Kalman Teller me escuchó con toda tranquilidad. Sin hacerme reproches ni insistirme en que continuara, aceptó mi decisión. Cuando le pregunté si había podido hacer algo con la información que le había entregado, su respuesta fue igual de poco esperanzadora: «En cualquier caso, lo intentaremos, pero no albergo muchas esperanzas. He pedido asesoramiento y este se reduce en resumen a lo siguiente: que aunque el juez, en efecto, hubiera hecho mejor inhibiéndose para evitar así la apariencia de parcialidad, la sentencia no habría sido distinta. En suma: todo el enjuiciamiento del caso ha sido meticuloso y profesional».
Cuando acepté el trabajo, me dio la mano para mi sorpresa, pero al despedirnos no me la tendió, lo que me produjo una sensación desagradable, teniendo en cuenta su actitud muy correcta en todo lo demás. Mientras conducía de regreso a Ámsterdam, me di cuenta de que acaso había una explicación para haberme negado el apretón de manos. Cuando terminamos de hablar, se incorporó con dificultad de su asiento para, a continuación, en pie y derecho como una vela, descollar por encima de mí. Le agradecí la confianza depositada en mi persona, pero, en lugar de responder a mi agradecimiento, dijo: «Esto todavía no se ha acabado».
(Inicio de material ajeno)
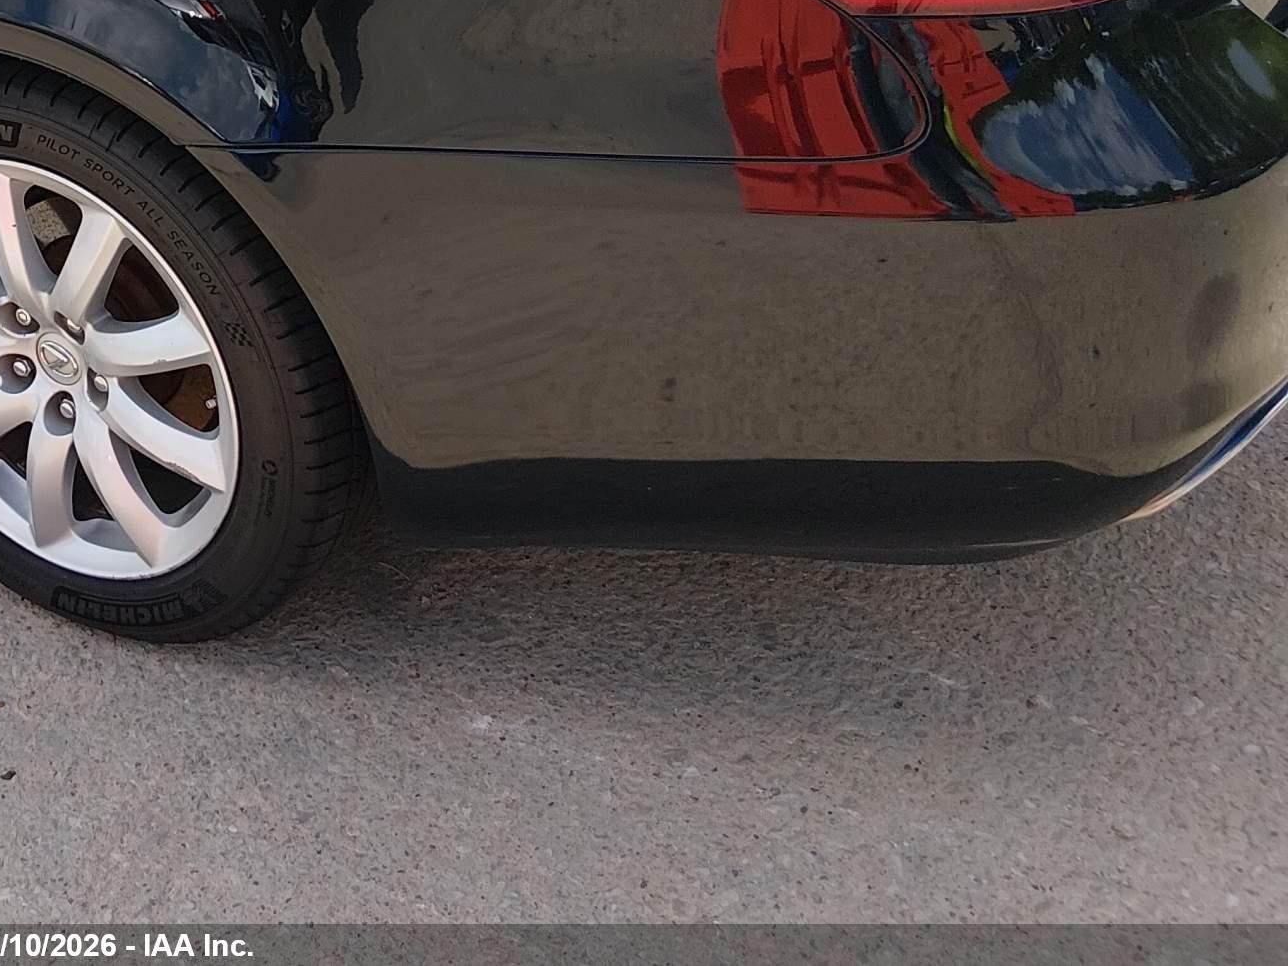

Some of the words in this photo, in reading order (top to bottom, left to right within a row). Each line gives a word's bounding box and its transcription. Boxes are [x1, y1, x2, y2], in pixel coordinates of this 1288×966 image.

[37, 134, 80, 160] PILOT
[83, 158, 135, 196] SPORT
[136, 200, 165, 227] ALL
[167, 230, 222, 296] SEASON
[57, 593, 185, 624] MICHELIN
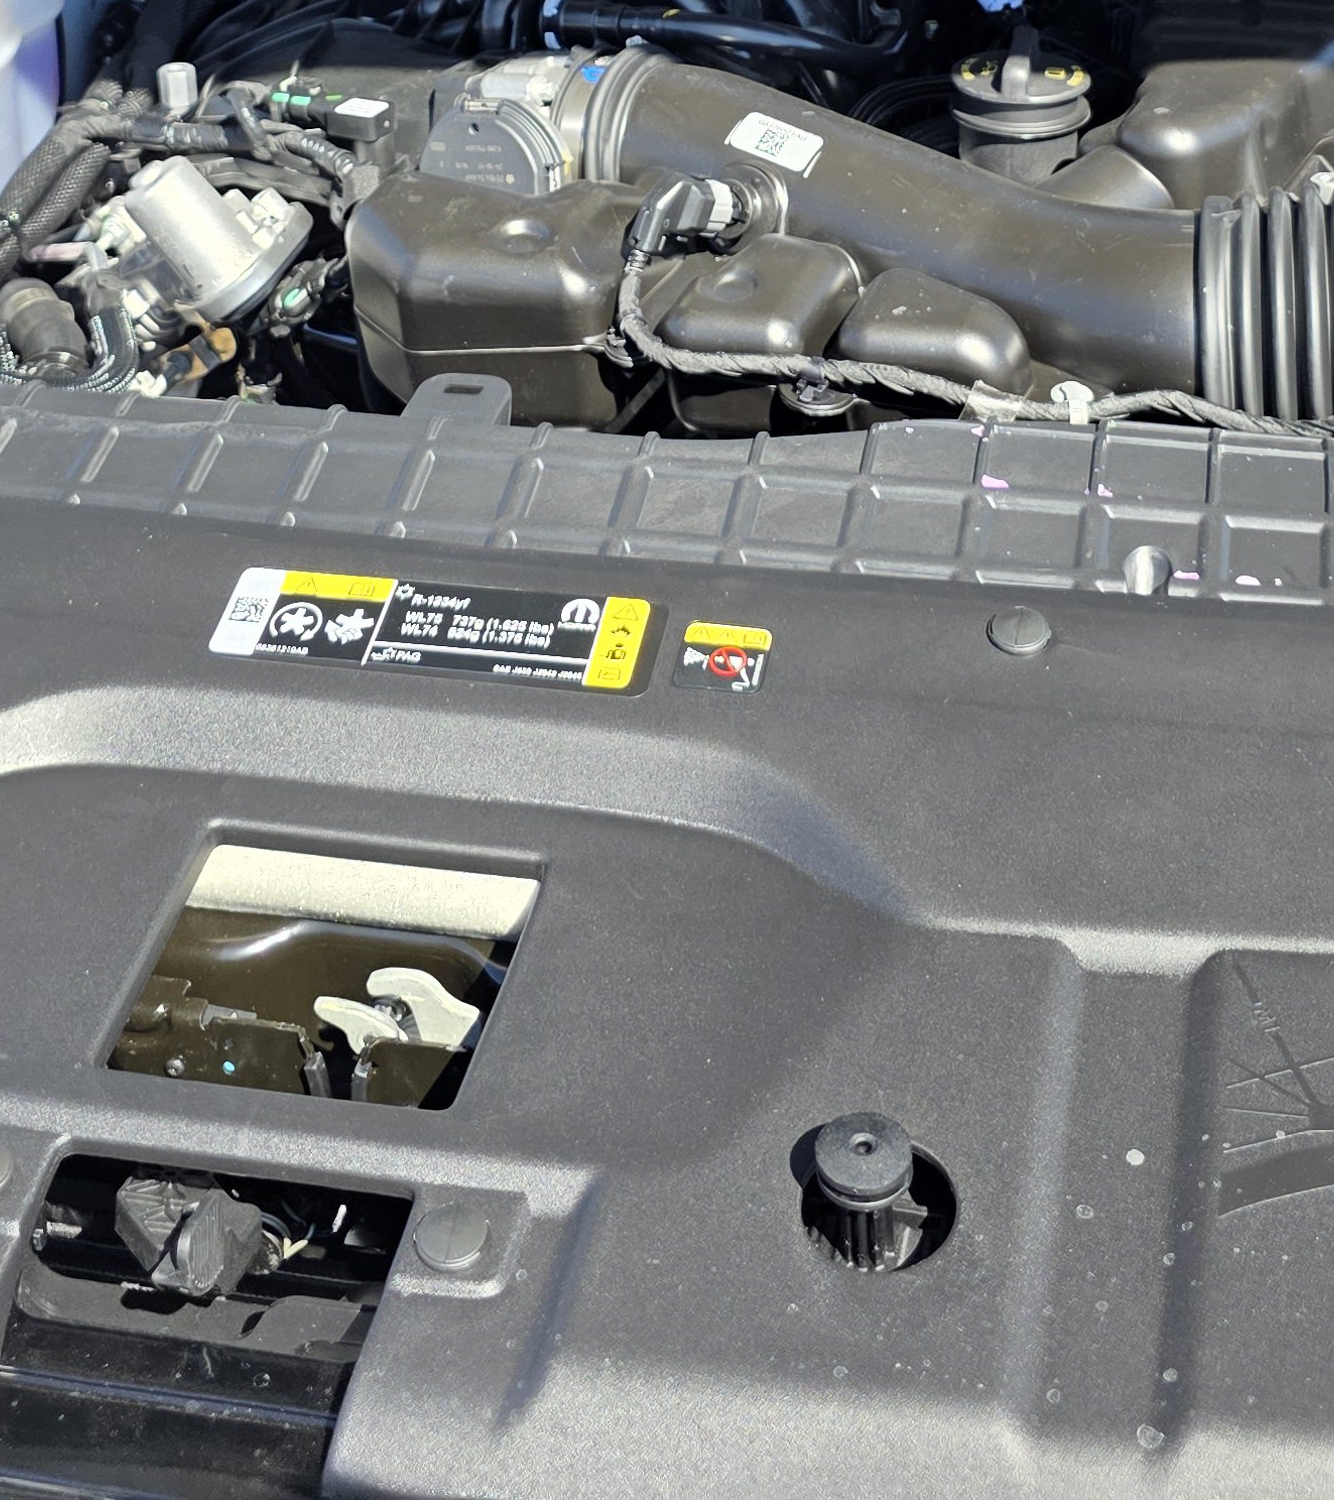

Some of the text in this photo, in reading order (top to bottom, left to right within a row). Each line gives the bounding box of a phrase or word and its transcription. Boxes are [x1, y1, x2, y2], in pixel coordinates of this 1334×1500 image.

Mientras le miraba, parecía replegado en sí mismo, y tampoco me quedó claro entonces si hablaba consigo mismo o me lo estaba diciendo a mí.
—No, ya me hago cargo, señor Teller —reaccioné—. Habría querido hacer algo más por la señora Roes.
—No me refería a eso.
—¿Cómo?
—Tampoco se ha acabado todavía para usted.
Me miró, pero me pregunté si me veía, y sonaba como si no fueran sus propias palabras, sino las de una persona distinta, como si él no fuera más que el instrumento que las pronunciaba.